── RECORDS FOR THE TASK

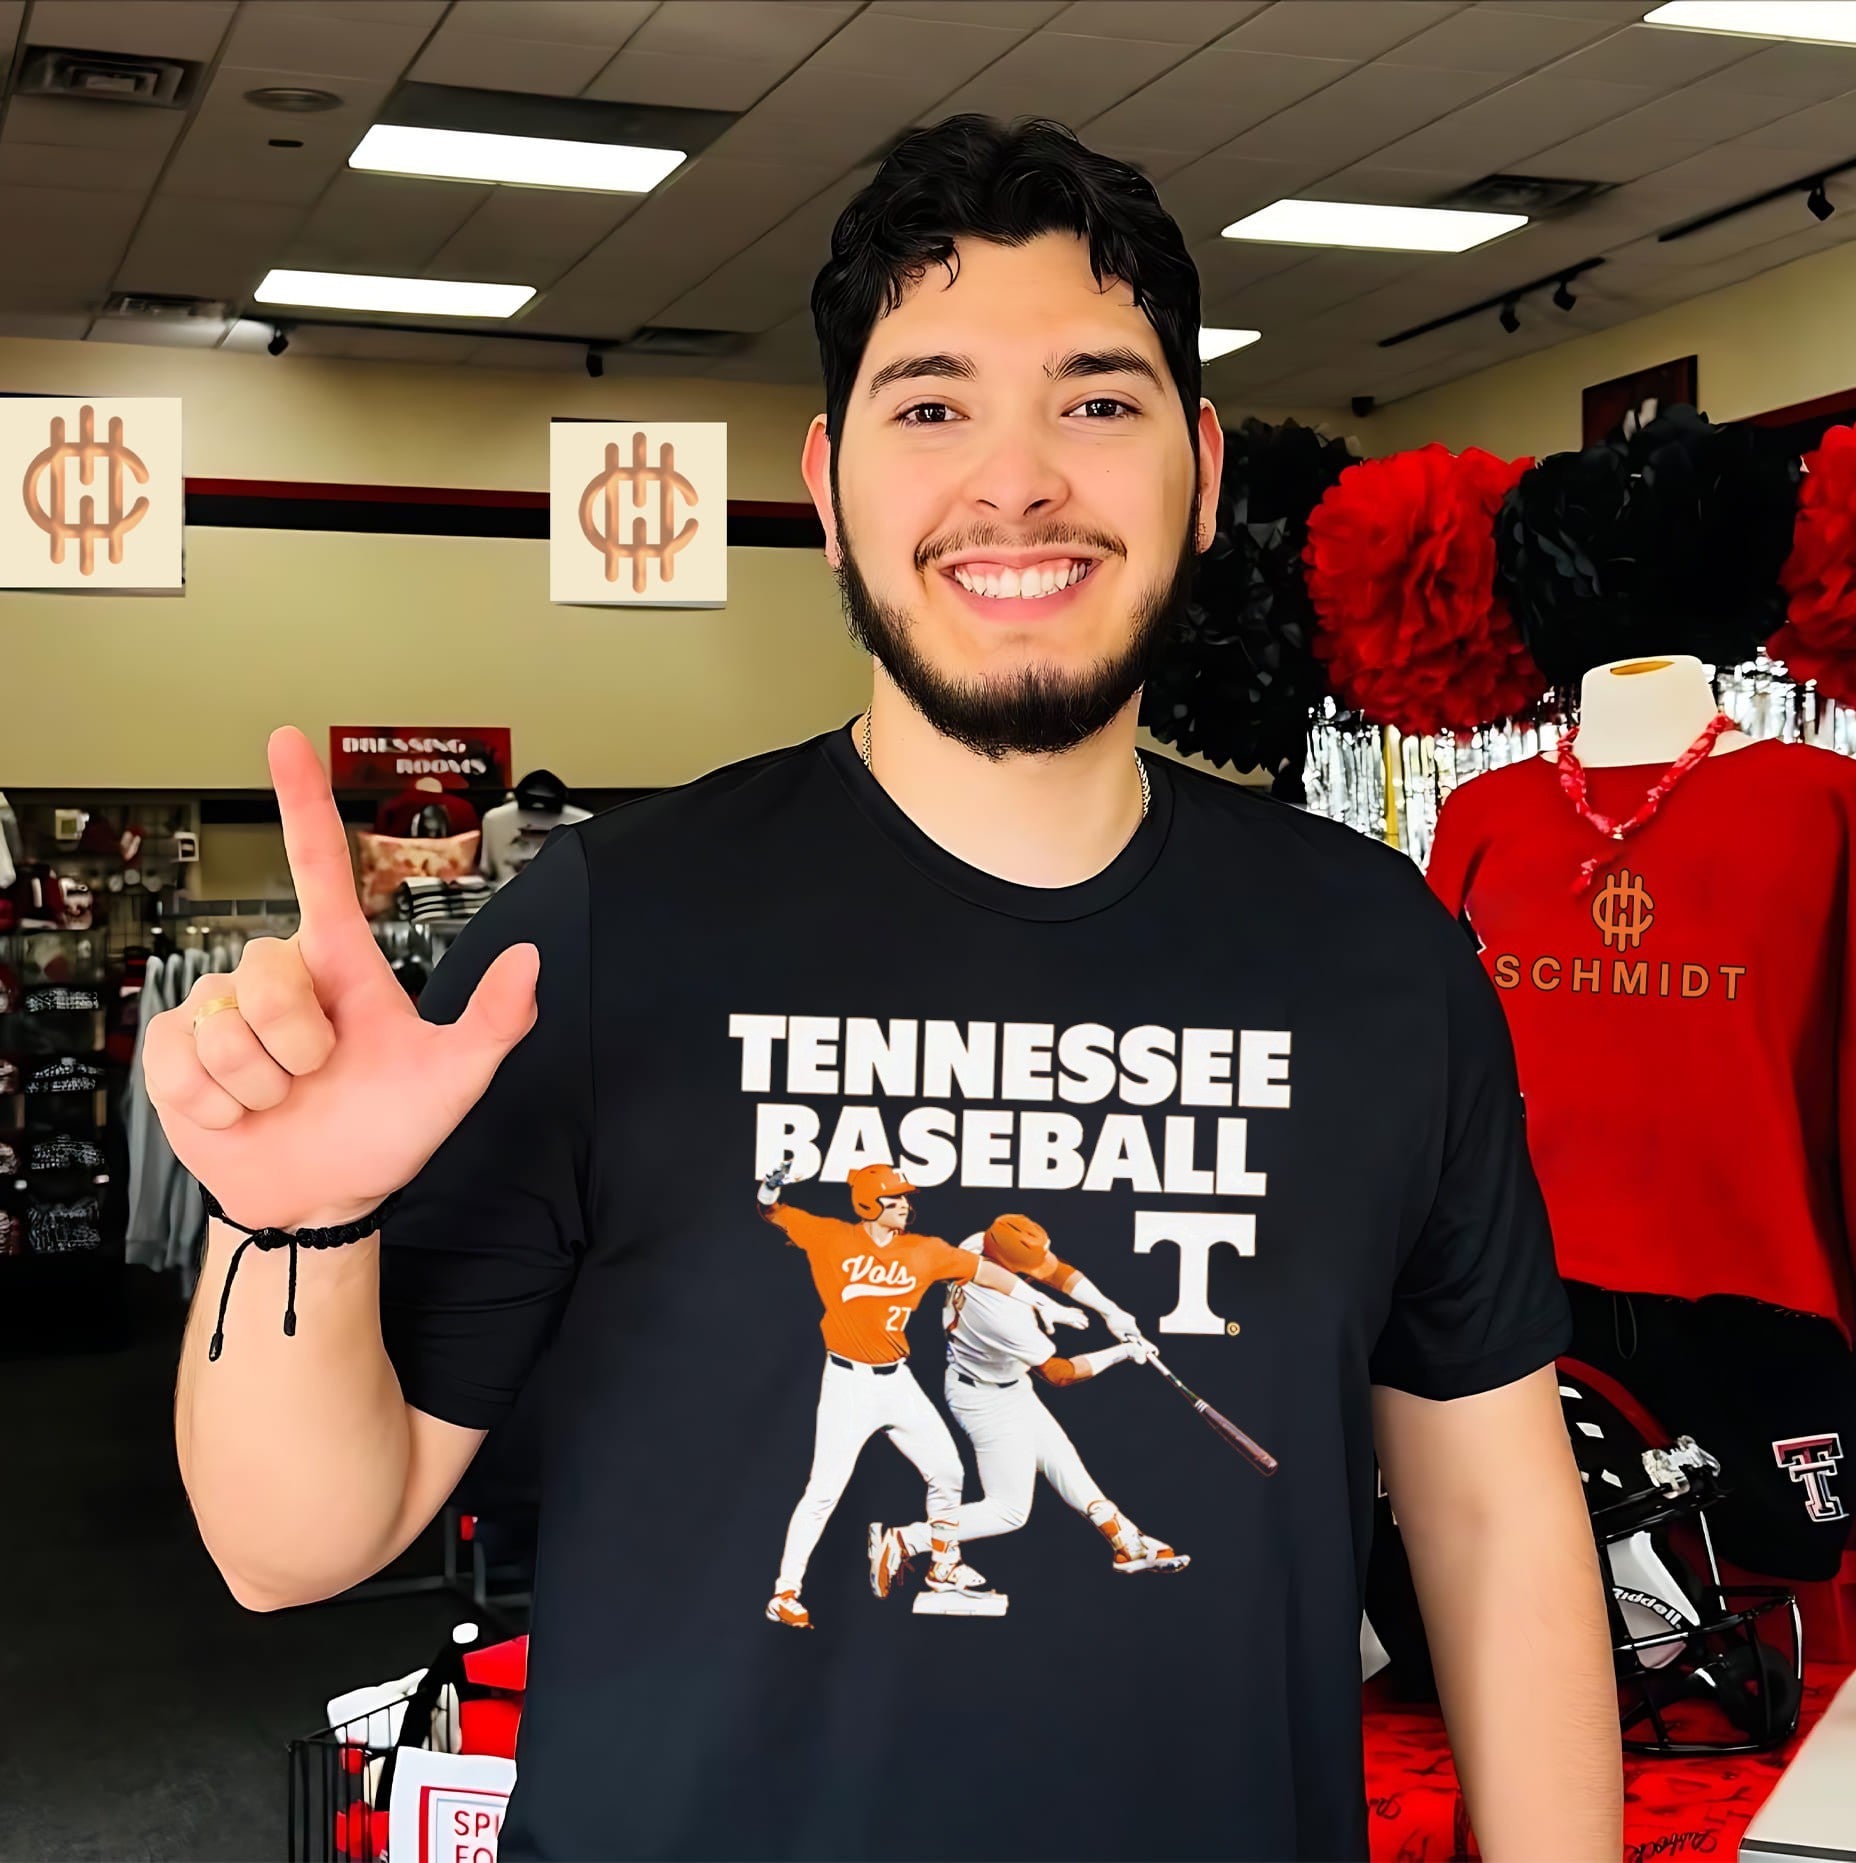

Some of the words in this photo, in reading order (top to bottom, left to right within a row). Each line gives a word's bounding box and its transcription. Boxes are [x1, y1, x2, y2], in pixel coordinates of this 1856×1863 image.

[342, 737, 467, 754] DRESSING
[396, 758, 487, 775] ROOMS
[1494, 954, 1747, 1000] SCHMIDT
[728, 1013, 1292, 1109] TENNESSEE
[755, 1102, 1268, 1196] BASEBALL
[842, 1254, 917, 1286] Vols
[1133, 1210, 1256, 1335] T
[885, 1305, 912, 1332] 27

────

=== AIM OF THE TASK ===
What's needed is every line above, retyped exactly and free of pictures.

=== SOLUTION ===
Some of the words in this photo, in reading order (top to bottom, left to right within a row). Each line gives a word's bounding box and its transcription. Boxes are [x1, y1, x2, y2], in pixel coordinates of this 1856×1863 image.

[342, 737, 467, 754] DRESSING
[396, 758, 487, 775] ROOMS
[1494, 954, 1747, 1000] SCHMIDT
[728, 1013, 1292, 1109] TENNESSEE
[755, 1102, 1268, 1196] BASEBALL
[842, 1254, 917, 1286] Vols
[1133, 1210, 1256, 1335] T
[885, 1305, 912, 1332] 27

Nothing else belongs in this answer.